→ **Dataset excerpts**
+++++
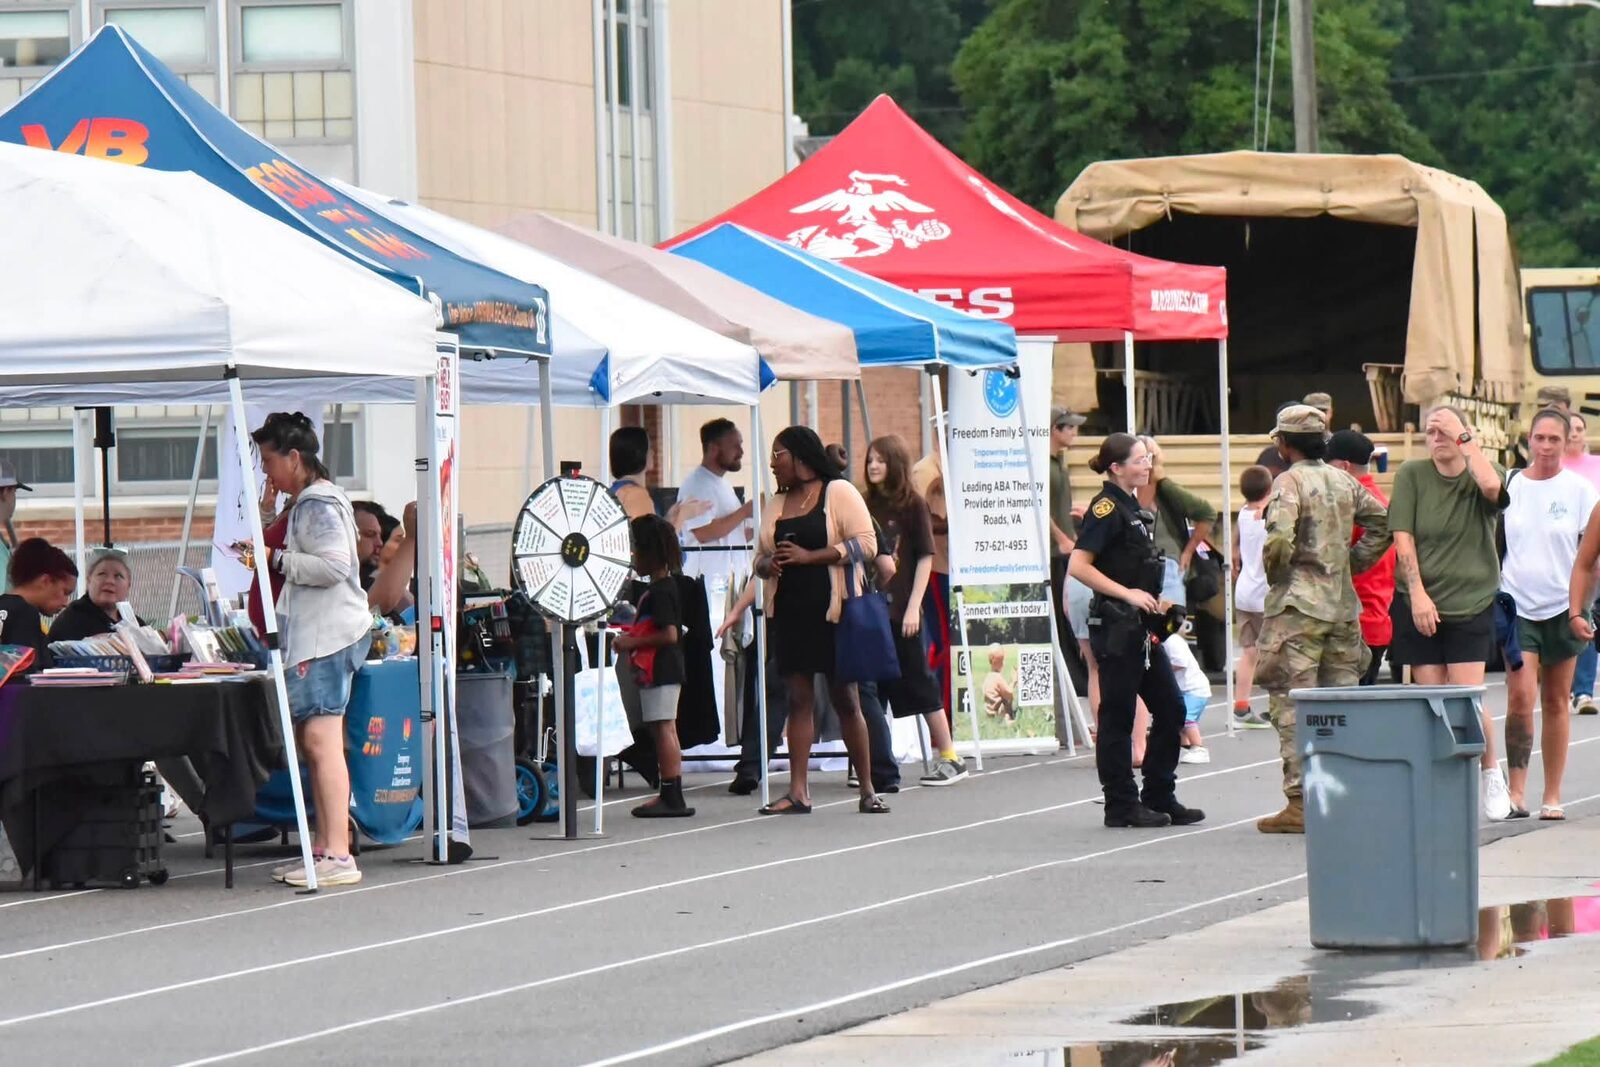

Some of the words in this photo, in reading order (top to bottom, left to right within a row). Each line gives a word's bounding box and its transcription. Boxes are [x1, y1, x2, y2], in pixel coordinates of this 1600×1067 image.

[21, 117, 149, 166] VB
[907, 287, 1015, 319] ES
[952, 428, 988, 439] Freedom
[991, 426, 1017, 439] Family
[1018, 426, 1049, 438] Srvices
[962, 481, 992, 493] Leading
[994, 481, 1010, 491] ABA
[964, 497, 996, 509] Provider
[998, 497, 1005, 508] in
[983, 514, 1009, 525] Roads,
[1010, 513, 1022, 524] VA
[974, 540, 1028, 551] 757-621-4953
[993, 604, 1009, 615] with
[1011, 606, 1019, 614] us
[1021, 603, 1041, 615] today
[1306, 714, 1347, 727] BRUTE
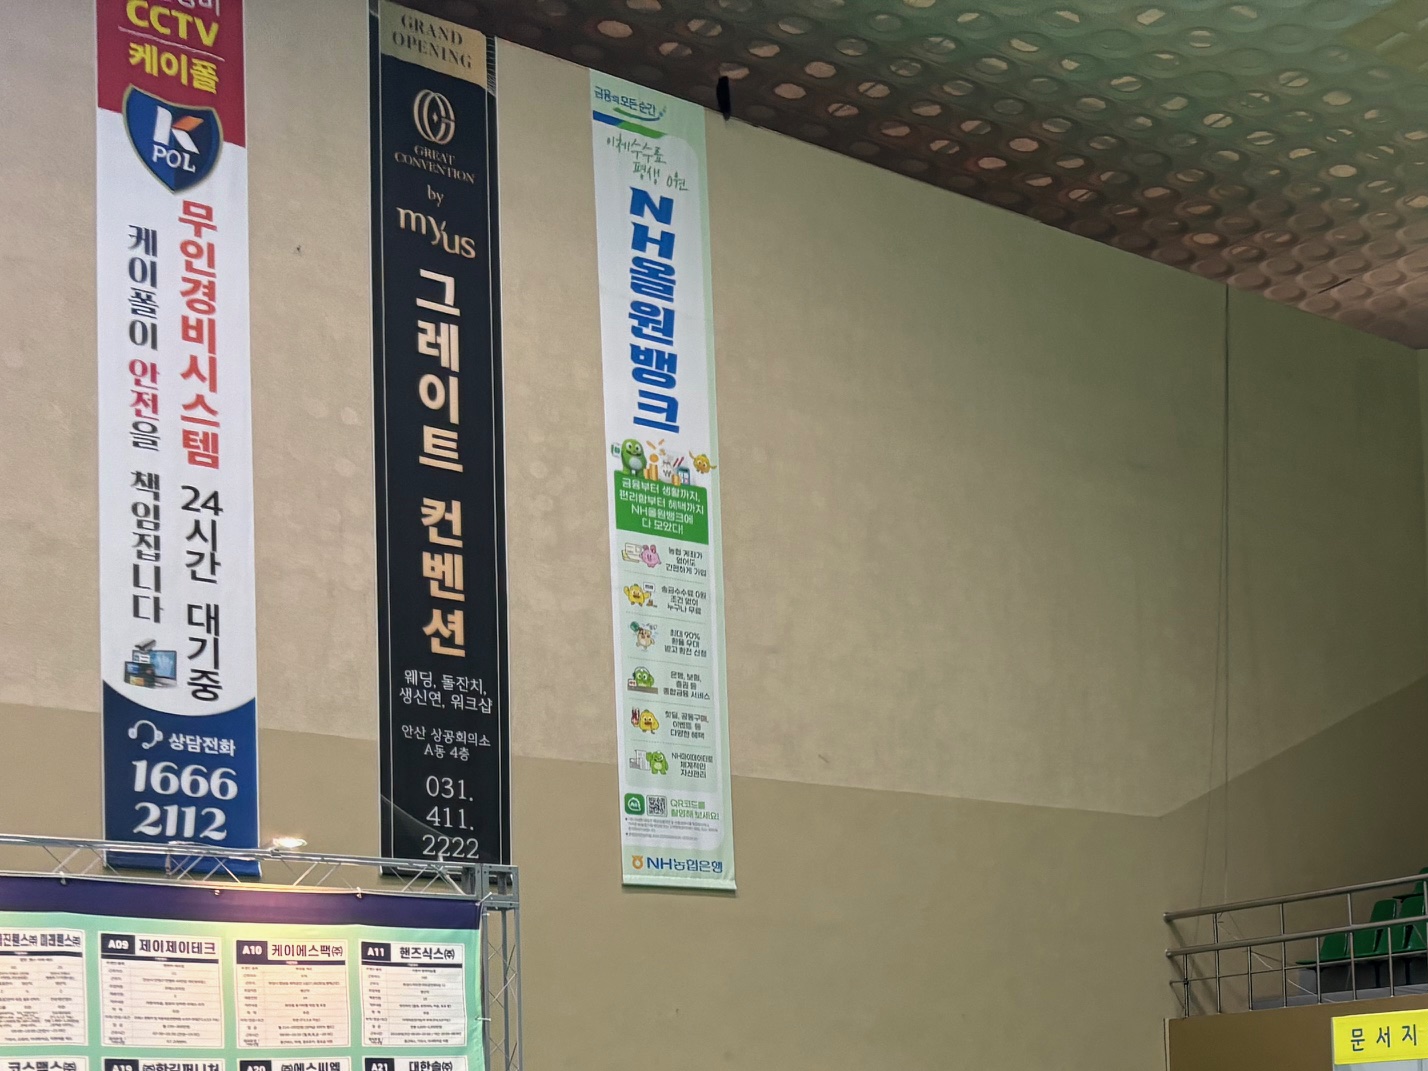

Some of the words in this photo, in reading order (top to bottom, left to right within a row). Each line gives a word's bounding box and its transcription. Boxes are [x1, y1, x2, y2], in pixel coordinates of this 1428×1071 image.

[126, 0, 219, 47] CCTV
[401, 13, 463, 46] GRAND
[392, 31, 472, 70] OPENING
[129, 42, 219, 94] 케이폴
[154, 106, 204, 154] K
[152, 144, 196, 173] POL
[394, 152, 476, 184] CONVENTION
[414, 144, 455, 166] GREAT
[427, 184, 444, 207] by
[127, 224, 158, 351] 케이폴이
[628, 186, 679, 434] NH올원뱅크
[177, 200, 220, 470] 무인경비시스템
[416, 268, 463, 472] 그레이트
[128, 358, 161, 451] 안전을
[130, 470, 164, 624] 책임집니다
[180, 486, 224, 584] 24시간
[420, 497, 466, 658] 컨벤션
[187, 604, 222, 702] 대기중
[404, 669, 436, 688] 웨딩,
[441, 674, 486, 696] 돌잔치,
[399, 687, 445, 709] 생신연,
[450, 694, 492, 714] 워크샵
[168, 731, 236, 757] 상담전화
[401, 724, 426, 740] 안산
[430, 728, 491, 747] 상공회의소
[424, 743, 446, 759] A동
[450, 746, 470, 762] 4층
[131, 760, 238, 800] 1666
[426, 776, 474, 802] 031.
[132, 802, 227, 840] 2112
[426, 806, 474, 832] 411.
[422, 834, 480, 859] 2222
[646, 856, 723, 874] NH농협은행
[108, 939, 130, 950] A09
[139, 939, 216, 954] 제이제이테크
[242, 946, 262, 955] A10
[367, 947, 384, 956] A11
[371, 1063, 388, 1071] A21
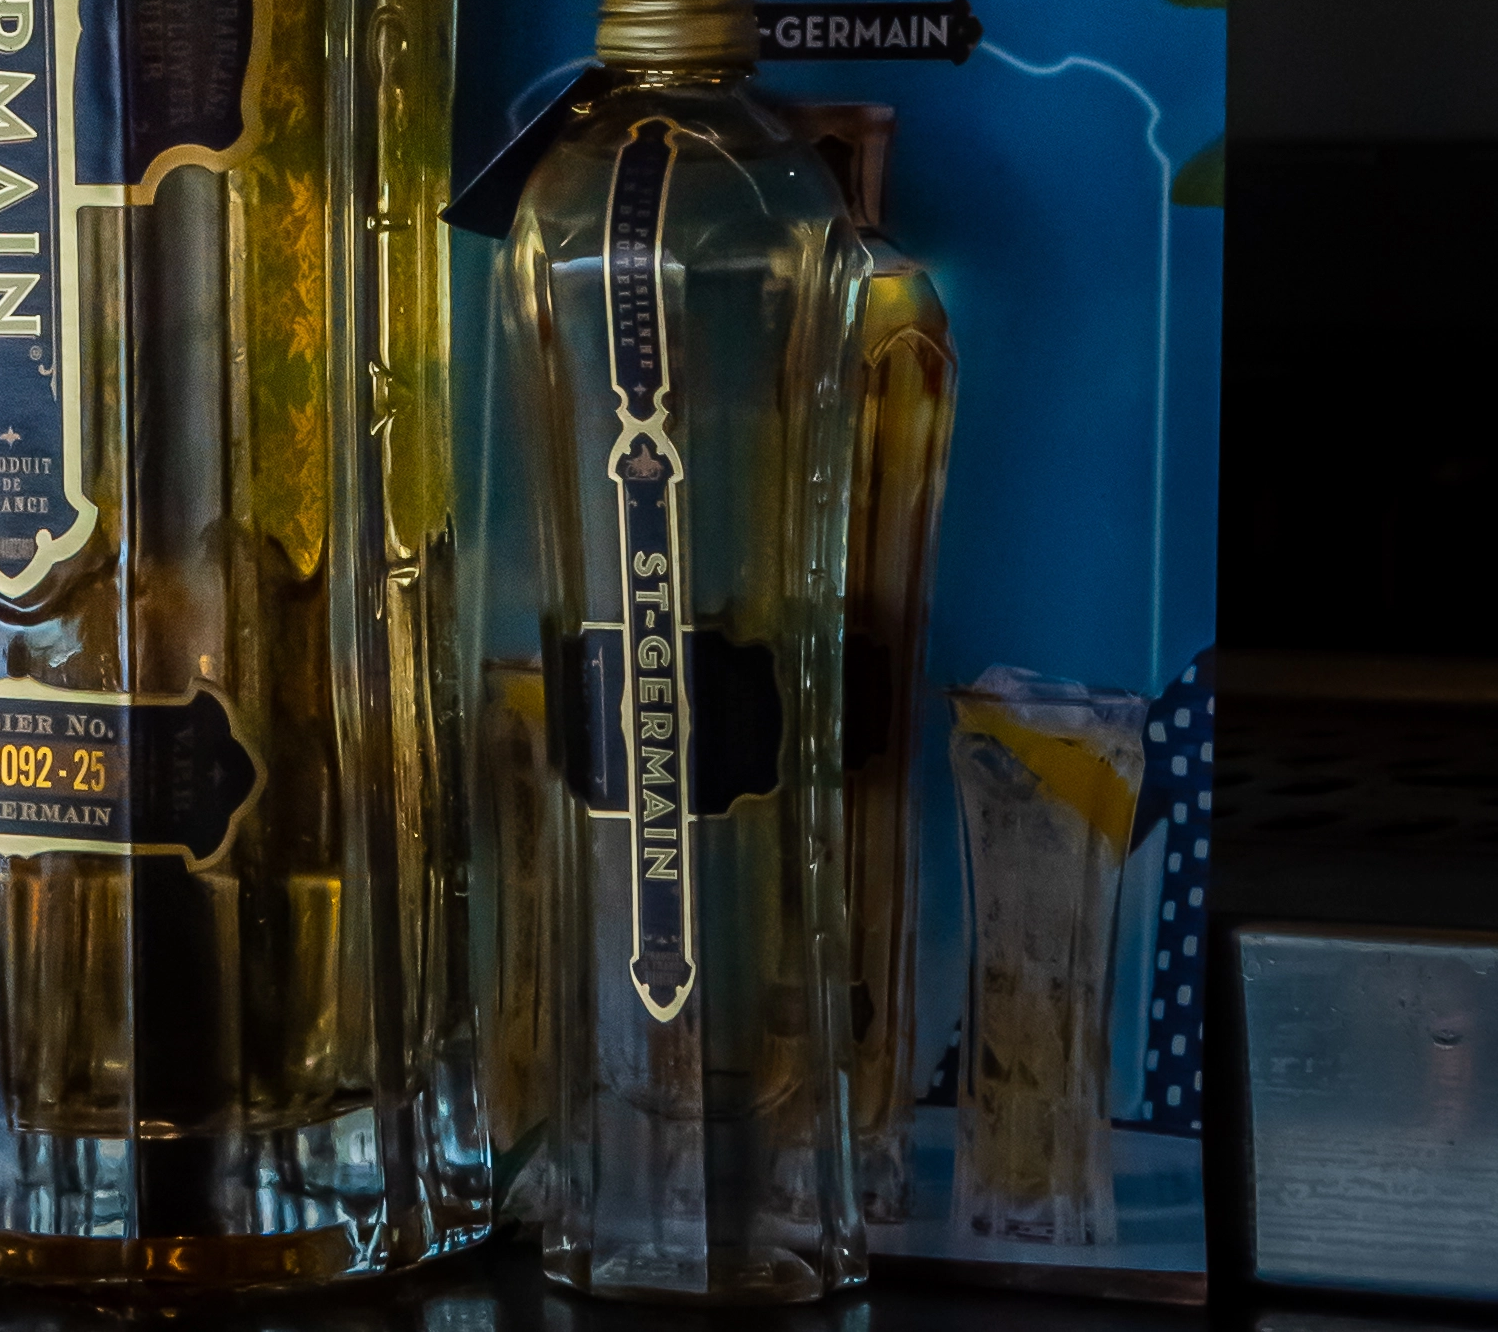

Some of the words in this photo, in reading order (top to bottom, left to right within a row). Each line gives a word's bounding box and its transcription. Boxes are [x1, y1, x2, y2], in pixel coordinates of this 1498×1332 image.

[616, 204, 636, 348] BOUTEILLE
[633, 226, 654, 371] PARISIENNE
[1, 477, 22, 492] DE
+++++
→ **WHAT YOU NEED TO DO**
Your copy of the entries must be exact and must not include any of their pictures.

→ **TASK OUTPUT**
Some of the words in this photo, in reading order (top to bottom, left to right within a row). Each line gives a word's bounding box and its transcription. Boxes are [x1, y1, x2, y2], in pixel coordinates of this 1600×1067 image.

[21, 117, 149, 166] VB
[907, 287, 1015, 319] ES
[952, 428, 988, 439] Freedom
[991, 426, 1017, 439] Family
[1018, 426, 1049, 438] Srvices
[962, 481, 992, 493] Leading
[994, 481, 1010, 491] ABA
[964, 497, 996, 509] Provider
[998, 497, 1005, 508] in
[983, 514, 1009, 525] Roads,
[1010, 513, 1022, 524] VA
[974, 540, 1028, 551] 757-621-4953
[993, 604, 1009, 615] with
[1011, 606, 1019, 614] us
[1021, 603, 1041, 615] today
[1306, 714, 1347, 727] BRUTE

Some of the words in this photo, in reading order (top to bottom, left to right within a row). Each line gives a word's bounding box and its transcription. Boxes are [x1, y1, x2, y2], in pixel coordinates of this 1428×1071 image.

[126, 0, 219, 47] CCTV
[401, 13, 463, 46] GRAND
[392, 31, 472, 70] OPENING
[129, 42, 219, 94] 케이폴
[154, 106, 204, 154] K
[152, 144, 196, 173] POL
[394, 152, 476, 184] CONVENTION
[414, 144, 455, 166] GREAT
[427, 184, 444, 207] by
[127, 224, 158, 351] 케이폴이
[628, 186, 679, 434] NH올원뱅크
[177, 200, 220, 470] 무인경비시스템
[416, 268, 463, 472] 그레이트
[128, 358, 161, 451] 안전을
[130, 470, 164, 624] 책임집니다
[180, 486, 224, 584] 24시간
[420, 497, 466, 658] 컨벤션
[187, 604, 222, 702] 대기중
[404, 669, 436, 688] 웨딩,
[441, 674, 486, 696] 돌잔치,
[399, 687, 445, 709] 생신연,
[450, 694, 492, 714] 워크샵
[168, 731, 236, 757] 상담전화
[401, 724, 426, 740] 안산
[430, 728, 491, 747] 상공회의소
[424, 743, 446, 759] A동
[450, 746, 470, 762] 4층
[131, 760, 238, 800] 1666
[426, 776, 474, 802] 031.
[132, 802, 227, 840] 2112
[426, 806, 474, 832] 411.
[422, 834, 480, 859] 2222
[646, 856, 723, 874] NH농협은행
[108, 939, 130, 950] A09
[139, 939, 216, 954] 제이제이테크
[242, 946, 262, 955] A10
[367, 947, 384, 956] A11
[371, 1063, 388, 1071] A21

Some of the words in this photo, in reading order (top to bottom, left to right within a row). Each line gives a word's bounding box and its transcription. Boxes are [x1, y1, x2, y2], in pixel coordinates of this 1498×1332 image.

[616, 204, 636, 348] BOUTEILLE
[633, 226, 654, 371] PARISIENNE
[1, 477, 22, 492] DE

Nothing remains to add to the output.